It was an error on the part of the judge to conclude that legislative history
required him to reach a conclusion that the likelihood of accidental by
physical injury should be excluded from the scope of the legislation. The
proper approach to the 1990 Act is to look at its language and not to attempt
to restrict the scope of it by reference to a meaning gathered from the context
of earlier repealed statutes. In fact, the history of previous Public Health
Acts is not a reliable guide to the interpretation of the 1990 Act. It was
pointed put that the 1990 Act is a consolidating Act. The Act made significant
amendments to the earlier legislation: for example, by introducing new types of
nuisance not found in the Public Health Act 1936, such as fumes and gases and
by deleting or amending others.
(3) Case
Law
The
case law prior to the 1990 Act did not give any settled or restricted meaning
to "injury to health" such as the judge found. Indeed, there were cases which
proceeded on the assumption that dilapidated premises which are dangerous or
premises which create a risk of injury do fall what is within Section 79(1)(a).

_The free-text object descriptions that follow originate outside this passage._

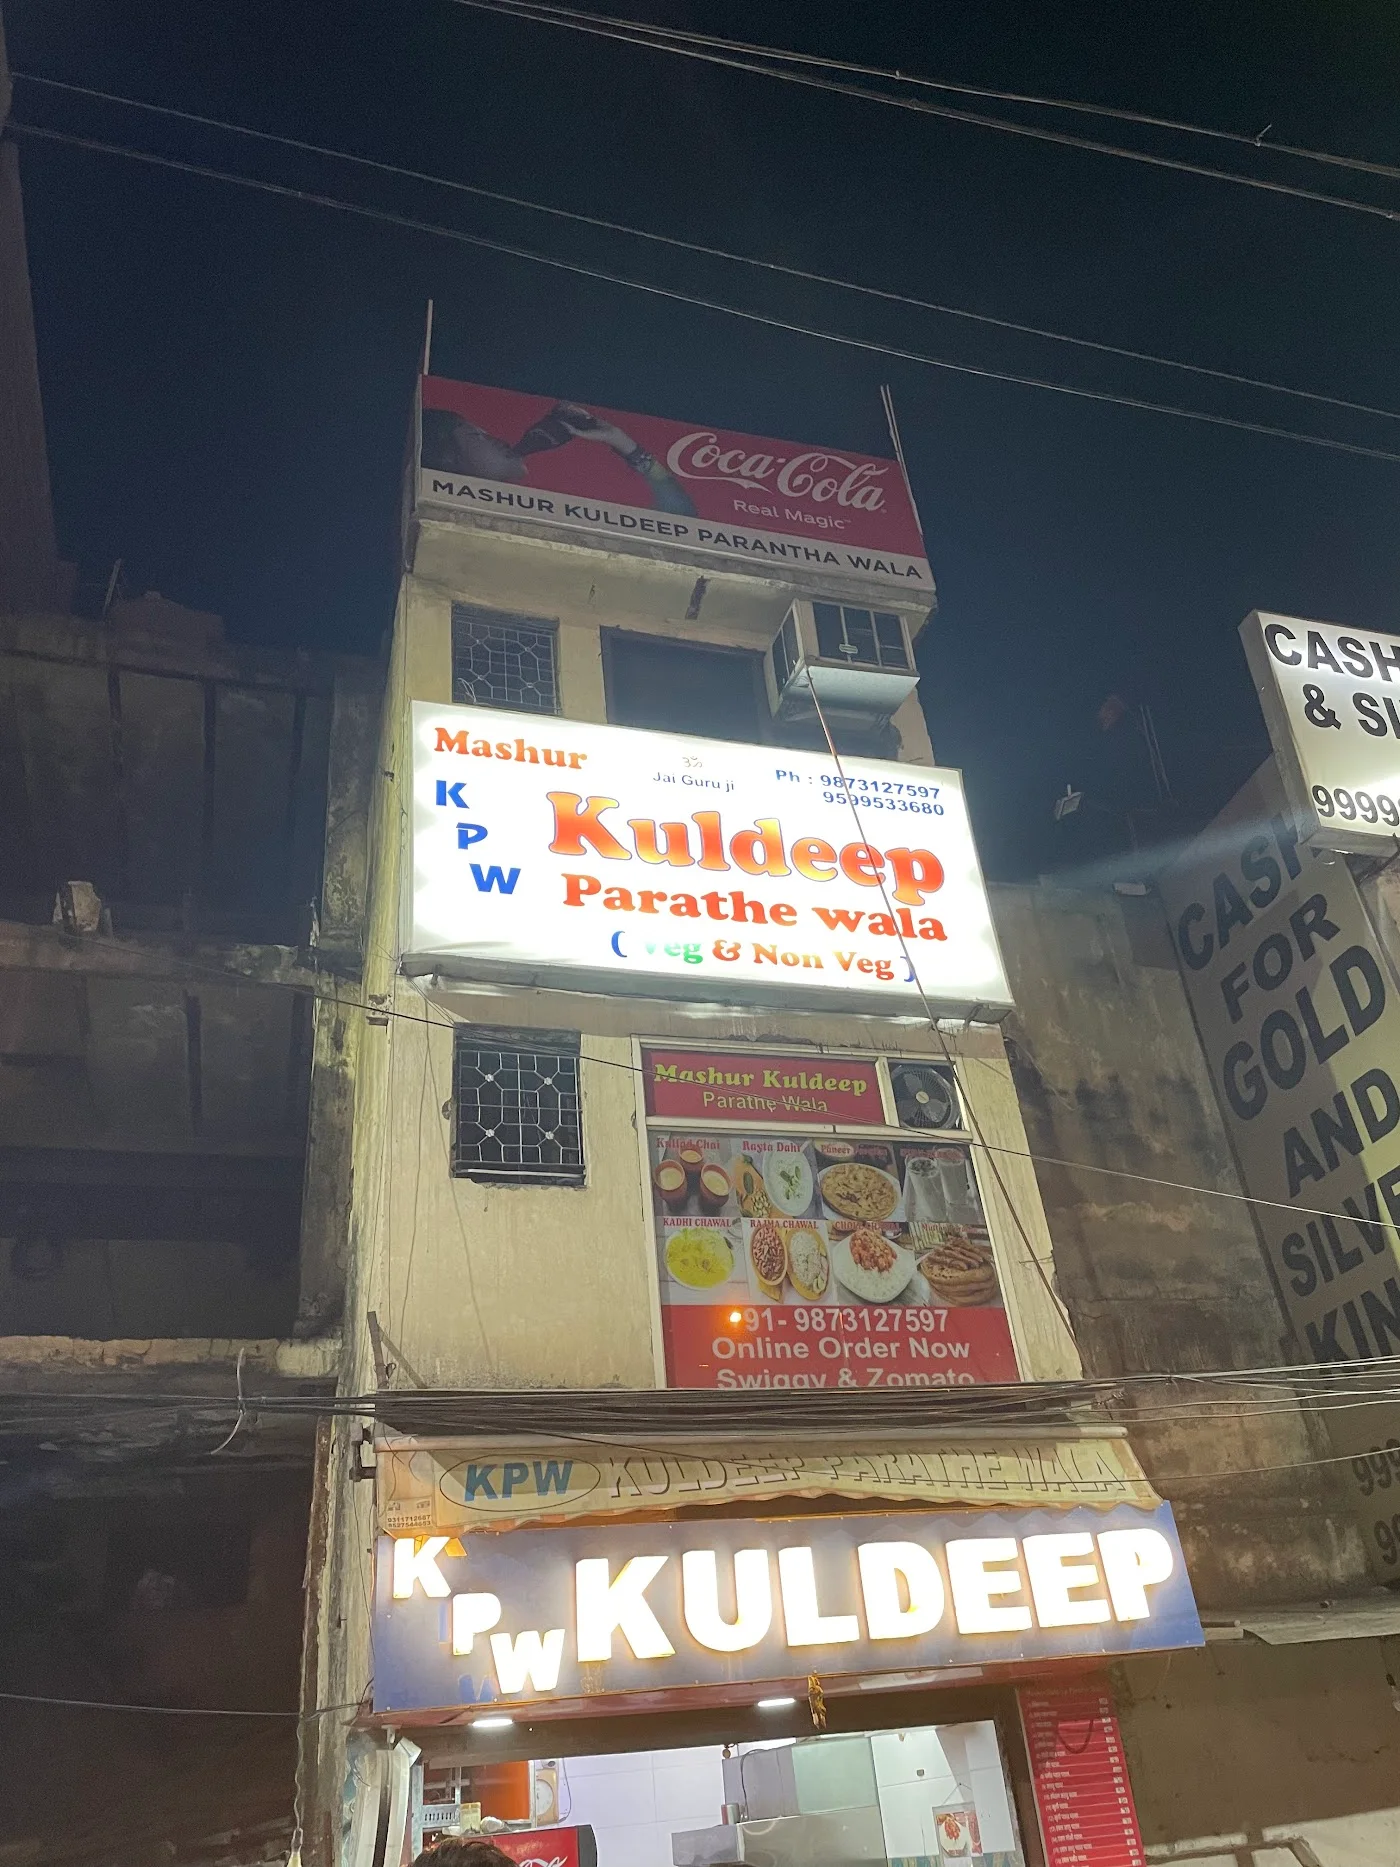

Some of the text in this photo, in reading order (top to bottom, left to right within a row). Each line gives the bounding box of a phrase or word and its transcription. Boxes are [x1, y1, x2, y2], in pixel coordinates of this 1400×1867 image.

[667, 432, 888, 511] Coca-Cola
[433, 479, 923, 580] MASHUR KULDEEP PARANTHA WALA
[733, 500, 845, 529] Real Magic
[1264, 623, 1400, 682] CASH
[1302, 684, 1400, 740] & SI
[434, 727, 587, 770] Mashur
[652, 771, 677, 784] Jai
[681, 775, 721, 790] Guru
[775, 769, 800, 783] Ph
[820, 774, 940, 800] 9873127597
[823, 791, 944, 816] 9599533680
[1312, 785, 1400, 828] 9999
[546, 790, 945, 906] Kuldeep
[561, 872, 948, 942] Parathe wala
[711, 938, 742, 961] &
[752, 942, 824, 970] Non
[832, 951, 895, 981] Veg
[1220, 893, 1340, 1024] FOR
[1223, 945, 1386, 1120] GOLD
[654, 1064, 867, 1096] Mashur Kuldeep
[782, 1095, 828, 1112] Wala
[1284, 1068, 1400, 1198] AND
[663, 1217, 732, 1228] KADHI CHAWAL
[783, 1220, 819, 1230] CHAWAL
[794, 1308, 949, 1332] 9873127597
[712, 1337, 970, 1359] Online Order Now
[838, 1367, 860, 1388] &
[464, 1460, 573, 1502] KPW
[575, 1528, 1174, 1662] KULDEEP

The following cases were cited:
R
-v- Parlby
(1889) 22 QBD 520 at 525;
Turley
-v- King
[1944] 2 All ER 489;
Cunningham
-v- Birmingham City Council
(1998) 30 HLR 158;
London
Borough of Southwark -v- Ince
(1989) 21 HLR 504; and
Pearshouse
-v- Birmingham City Council
(Unreported decision of Collins J on 4 November 1998).
(4) The
Proper Approach
An "updating construction" should be adopted recognising that the position now
is not the same as it was in Victorian times when the Public Health Acts,
dating from 1848, were enacted. There is no fixed standard of what is likely
to cause "injury to health". It is important to consider what is an acceptable
level of harm and an acceptable degree of risk at the time when the statute is
to be applied. Those levels of harm and degrees of risk are likely to change
over time. Legislation such as the 1990 Act is always speaking, addressing
different situations at different times. A current approach to protection from
harm to health is called for.
Conclusion
The
logic of Mr Pleming's arguments in support of the appeal would be more
difficult to resist if the function of the court was to construct a fresh,
comprehensive and rational system for protecting public welfare. The
arguments, though skilfully developed, have less cogency within the less
ambitious confines of judicial interpretation of statutory provisions which,
when restated by Parliament in the 1990 Act, repeated identical expressions
which had been used and defined in earlier Public Health legislation, and which
had also been the subject of a judicial interpretation settled for over a
century.
Richards
J was right in holding that the kind of problem raised by the steep internal
staircase, with its attendant dangers of accident or physical injury, does not
fall within the category of injury addressed by Part III of the 1990 Act, when
properly interpreted in the context of the earlier statutory provisions. As
Richards J stated, the problem of accidental physical injury existed as much in
the mid-19th century as it does today. But it is not the problem at which these
statutory provisions and its predecessors were directed. He said (at 613h)-
"It
fell outside the intended scope of those provisions, and it falls just as much
outside the intended scope of the present day successors to those provisions.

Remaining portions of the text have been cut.